War is hell. And puppies are swell.
Take one-year-old Harley, who became best friend to a team of U.S. servicemen during their recent stint inside a Middle East combat zone.
When soldier Amjad Kerrish and his fellow Air National Guard fighters were shipping out, they were too enamored of Harley to leave the dog behind. But a paperwork snafu left Harley in limbo, with the lovable rescue pooch now stuck at John F. Kennedy International Airport awaiting imminent deportation and likely euthanasia if returned to the Middle East.
“It breaks my heart, it really does,” said Kerrish, a California firefighter who was battling the state’s raging wildfires when he received word of the snag. “I thought the hardest part of this was over.”
Harley was brought to the United States from Jordan by Paws of War, a Long Island-based organization that matches rescue dogs with American veterans experiencing the emotional effects of war. For Kerrish, Harley was the source of endless smiles no matter the horrors of life in a war zone — and he vowed the dog would accompany him home when his tour ended this past spring.
“Seeing Harley was the one thing everyone could look forward to at the end of the day,” recalled Kerrish, 30. “All she wanted was love. Love and treats, of course … I knew we couldn’t leave her behind. We had to bring her back home.”
The mission of mercy to get Harley to safety in the U.S. appeared to reach the home stretch last week after Paws of War arranged for the pooch to be flown on a rare repatriation flight. But a paperwork snafu left Harley in limbo. The lovable rescue pooch is now stuck at JFK, still under a federal deportation order and likely euthanized if returned to the Middle East.

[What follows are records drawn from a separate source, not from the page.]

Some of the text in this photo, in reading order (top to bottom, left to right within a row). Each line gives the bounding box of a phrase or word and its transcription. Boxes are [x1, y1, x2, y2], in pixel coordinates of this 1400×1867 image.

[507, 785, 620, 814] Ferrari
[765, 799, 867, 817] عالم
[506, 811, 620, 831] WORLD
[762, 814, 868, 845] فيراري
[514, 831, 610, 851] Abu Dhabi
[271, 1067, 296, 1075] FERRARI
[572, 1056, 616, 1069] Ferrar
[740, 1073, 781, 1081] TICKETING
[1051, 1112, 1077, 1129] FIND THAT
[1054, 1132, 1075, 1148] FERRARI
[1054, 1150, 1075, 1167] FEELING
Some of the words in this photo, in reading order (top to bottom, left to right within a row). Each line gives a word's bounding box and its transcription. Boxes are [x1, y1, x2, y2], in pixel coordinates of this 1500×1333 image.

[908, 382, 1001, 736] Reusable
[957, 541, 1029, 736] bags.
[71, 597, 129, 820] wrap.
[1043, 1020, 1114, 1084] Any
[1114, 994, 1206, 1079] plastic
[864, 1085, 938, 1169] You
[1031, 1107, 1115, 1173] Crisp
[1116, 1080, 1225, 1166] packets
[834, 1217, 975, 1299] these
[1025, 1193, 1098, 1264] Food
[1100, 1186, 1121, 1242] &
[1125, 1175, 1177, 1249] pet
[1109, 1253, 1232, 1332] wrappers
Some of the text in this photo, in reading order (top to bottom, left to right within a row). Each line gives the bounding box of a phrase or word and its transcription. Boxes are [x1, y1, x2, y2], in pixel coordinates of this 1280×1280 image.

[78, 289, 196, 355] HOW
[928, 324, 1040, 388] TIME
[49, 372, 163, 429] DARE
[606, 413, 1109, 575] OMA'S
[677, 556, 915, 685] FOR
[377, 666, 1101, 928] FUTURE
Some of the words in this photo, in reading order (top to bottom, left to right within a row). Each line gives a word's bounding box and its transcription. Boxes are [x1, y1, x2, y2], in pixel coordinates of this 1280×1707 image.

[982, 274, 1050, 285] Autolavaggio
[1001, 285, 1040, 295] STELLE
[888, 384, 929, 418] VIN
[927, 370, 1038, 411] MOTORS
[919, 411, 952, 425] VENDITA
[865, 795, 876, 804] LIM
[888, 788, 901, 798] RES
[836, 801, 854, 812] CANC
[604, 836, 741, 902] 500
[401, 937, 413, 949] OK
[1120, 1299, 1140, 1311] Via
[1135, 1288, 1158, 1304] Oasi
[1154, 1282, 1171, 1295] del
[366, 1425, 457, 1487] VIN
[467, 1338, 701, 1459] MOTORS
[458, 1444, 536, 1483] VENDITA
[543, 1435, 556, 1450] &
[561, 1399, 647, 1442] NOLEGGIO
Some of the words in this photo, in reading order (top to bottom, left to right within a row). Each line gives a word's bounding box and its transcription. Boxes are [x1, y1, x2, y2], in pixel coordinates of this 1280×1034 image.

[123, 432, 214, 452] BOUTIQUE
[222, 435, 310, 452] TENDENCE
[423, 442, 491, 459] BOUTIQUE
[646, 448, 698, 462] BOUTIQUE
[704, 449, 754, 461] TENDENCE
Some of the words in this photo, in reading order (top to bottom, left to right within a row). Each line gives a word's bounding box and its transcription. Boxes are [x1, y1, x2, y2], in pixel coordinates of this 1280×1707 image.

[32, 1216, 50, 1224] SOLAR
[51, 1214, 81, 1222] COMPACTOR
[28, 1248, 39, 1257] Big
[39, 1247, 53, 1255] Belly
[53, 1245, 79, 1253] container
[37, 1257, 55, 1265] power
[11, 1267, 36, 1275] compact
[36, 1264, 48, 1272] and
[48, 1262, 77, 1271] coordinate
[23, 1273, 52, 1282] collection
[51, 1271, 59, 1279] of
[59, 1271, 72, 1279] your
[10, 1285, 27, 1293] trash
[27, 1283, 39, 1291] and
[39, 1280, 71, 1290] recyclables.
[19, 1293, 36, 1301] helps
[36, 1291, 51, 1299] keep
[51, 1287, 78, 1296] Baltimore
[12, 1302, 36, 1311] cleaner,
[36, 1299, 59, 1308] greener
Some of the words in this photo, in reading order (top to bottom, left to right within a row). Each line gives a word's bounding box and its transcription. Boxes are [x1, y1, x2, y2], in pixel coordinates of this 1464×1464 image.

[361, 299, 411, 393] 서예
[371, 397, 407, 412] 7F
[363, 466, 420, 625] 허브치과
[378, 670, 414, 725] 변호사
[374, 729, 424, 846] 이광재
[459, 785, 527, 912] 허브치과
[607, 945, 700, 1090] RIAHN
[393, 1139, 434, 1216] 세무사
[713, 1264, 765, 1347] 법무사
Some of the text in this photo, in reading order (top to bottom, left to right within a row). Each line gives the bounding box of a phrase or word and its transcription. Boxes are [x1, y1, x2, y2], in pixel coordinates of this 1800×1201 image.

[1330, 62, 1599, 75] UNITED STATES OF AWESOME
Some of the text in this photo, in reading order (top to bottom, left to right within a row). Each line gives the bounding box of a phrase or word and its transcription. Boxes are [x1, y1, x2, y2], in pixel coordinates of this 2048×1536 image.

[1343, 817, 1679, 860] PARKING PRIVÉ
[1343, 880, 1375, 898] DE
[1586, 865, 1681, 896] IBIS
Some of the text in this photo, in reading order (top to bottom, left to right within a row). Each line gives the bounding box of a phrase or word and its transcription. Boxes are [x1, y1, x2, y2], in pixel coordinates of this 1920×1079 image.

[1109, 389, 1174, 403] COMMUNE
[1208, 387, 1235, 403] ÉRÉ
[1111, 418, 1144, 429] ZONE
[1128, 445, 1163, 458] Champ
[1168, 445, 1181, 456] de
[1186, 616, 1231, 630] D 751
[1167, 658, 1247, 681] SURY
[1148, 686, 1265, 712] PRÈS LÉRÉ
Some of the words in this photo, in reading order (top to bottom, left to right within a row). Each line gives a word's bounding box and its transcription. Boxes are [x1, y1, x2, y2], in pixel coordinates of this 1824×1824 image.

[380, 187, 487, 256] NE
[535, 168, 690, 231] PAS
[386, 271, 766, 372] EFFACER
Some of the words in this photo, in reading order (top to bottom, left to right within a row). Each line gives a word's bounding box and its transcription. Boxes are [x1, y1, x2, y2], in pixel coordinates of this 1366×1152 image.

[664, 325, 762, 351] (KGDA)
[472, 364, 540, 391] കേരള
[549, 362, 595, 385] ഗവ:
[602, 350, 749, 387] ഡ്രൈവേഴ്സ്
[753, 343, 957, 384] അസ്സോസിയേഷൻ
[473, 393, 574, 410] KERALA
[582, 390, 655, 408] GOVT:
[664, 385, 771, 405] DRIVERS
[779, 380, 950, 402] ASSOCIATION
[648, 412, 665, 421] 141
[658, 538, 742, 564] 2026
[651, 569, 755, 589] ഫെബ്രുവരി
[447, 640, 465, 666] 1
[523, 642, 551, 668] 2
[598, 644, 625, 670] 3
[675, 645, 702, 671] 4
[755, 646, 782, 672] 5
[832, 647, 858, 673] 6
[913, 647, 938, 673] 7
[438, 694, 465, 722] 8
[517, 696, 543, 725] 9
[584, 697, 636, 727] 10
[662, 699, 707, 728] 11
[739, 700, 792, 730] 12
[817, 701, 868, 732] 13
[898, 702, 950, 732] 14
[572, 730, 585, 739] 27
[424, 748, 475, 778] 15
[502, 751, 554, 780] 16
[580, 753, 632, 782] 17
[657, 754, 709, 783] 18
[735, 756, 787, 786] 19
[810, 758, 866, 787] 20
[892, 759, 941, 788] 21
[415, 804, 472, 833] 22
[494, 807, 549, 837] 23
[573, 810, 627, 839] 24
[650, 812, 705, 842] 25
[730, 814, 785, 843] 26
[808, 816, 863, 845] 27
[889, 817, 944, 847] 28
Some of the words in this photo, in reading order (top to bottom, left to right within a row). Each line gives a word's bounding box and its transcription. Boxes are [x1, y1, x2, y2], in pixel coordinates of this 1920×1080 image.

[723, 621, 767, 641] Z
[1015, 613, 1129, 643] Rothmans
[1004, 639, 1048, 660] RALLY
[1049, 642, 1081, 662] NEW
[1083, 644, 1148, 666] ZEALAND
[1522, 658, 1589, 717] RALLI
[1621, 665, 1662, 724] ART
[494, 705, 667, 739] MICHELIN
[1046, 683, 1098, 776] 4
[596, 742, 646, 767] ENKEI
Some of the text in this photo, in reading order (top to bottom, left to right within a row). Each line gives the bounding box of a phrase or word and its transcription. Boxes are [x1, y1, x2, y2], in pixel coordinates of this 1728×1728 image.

Hoping to tilt the odds toward Kerrish and Harley are all five members of Long Island’s congressional delegation. The quintet signed a rare bipartisan appeal to the Centers for Disease Control asking for a reconsideration of the deportation order and granting an exception for Harley to head west.
They have yet to hear back, and the CDC did not immediately comment.
Rep. Kathleen Rice (D-N.Y.) of the Veterans Affairs Committee sang the praises of Paws of War and its mission of linking up veterans with emotional support animals.
The pets can help veterans readjust to civilian life stateside and prevent trauma from combat, she said. They also can help maintain bonds between service members who become scattered across the country after being together virtually 24/7 for weeks or months while on duty.
Kerrish said his fellow service members had planned to link up for reunions if Harley wins her life-and-death battle.
“It goes without saying that if any of them come to southern California, they’re going to come by to see Harley,” Kerrish said. “She kind of became a dog for all of us.”
Members of his unit first spotted Harley while on patrol last winter. She was easy to notice: Harley was the only puppy from her litter to survive in the harsh battle zone of an undisclosed nation.
The puppy was soon sharing a cot with Kerrish inside his tent. As the unit bonded with Harley, the dog provided a welcome diversion from fears about COVID-19 and their loved ones back in the states.
Kerrish recalled talking to his wife regularly about the pooch’s latest antics to avoid the rising coronavirus toll or her worries about the economic collapse.
“My wife grew to love her as much as I did,” he said, choking with emotion. “It is just heart-wrenching to know that this is happening.”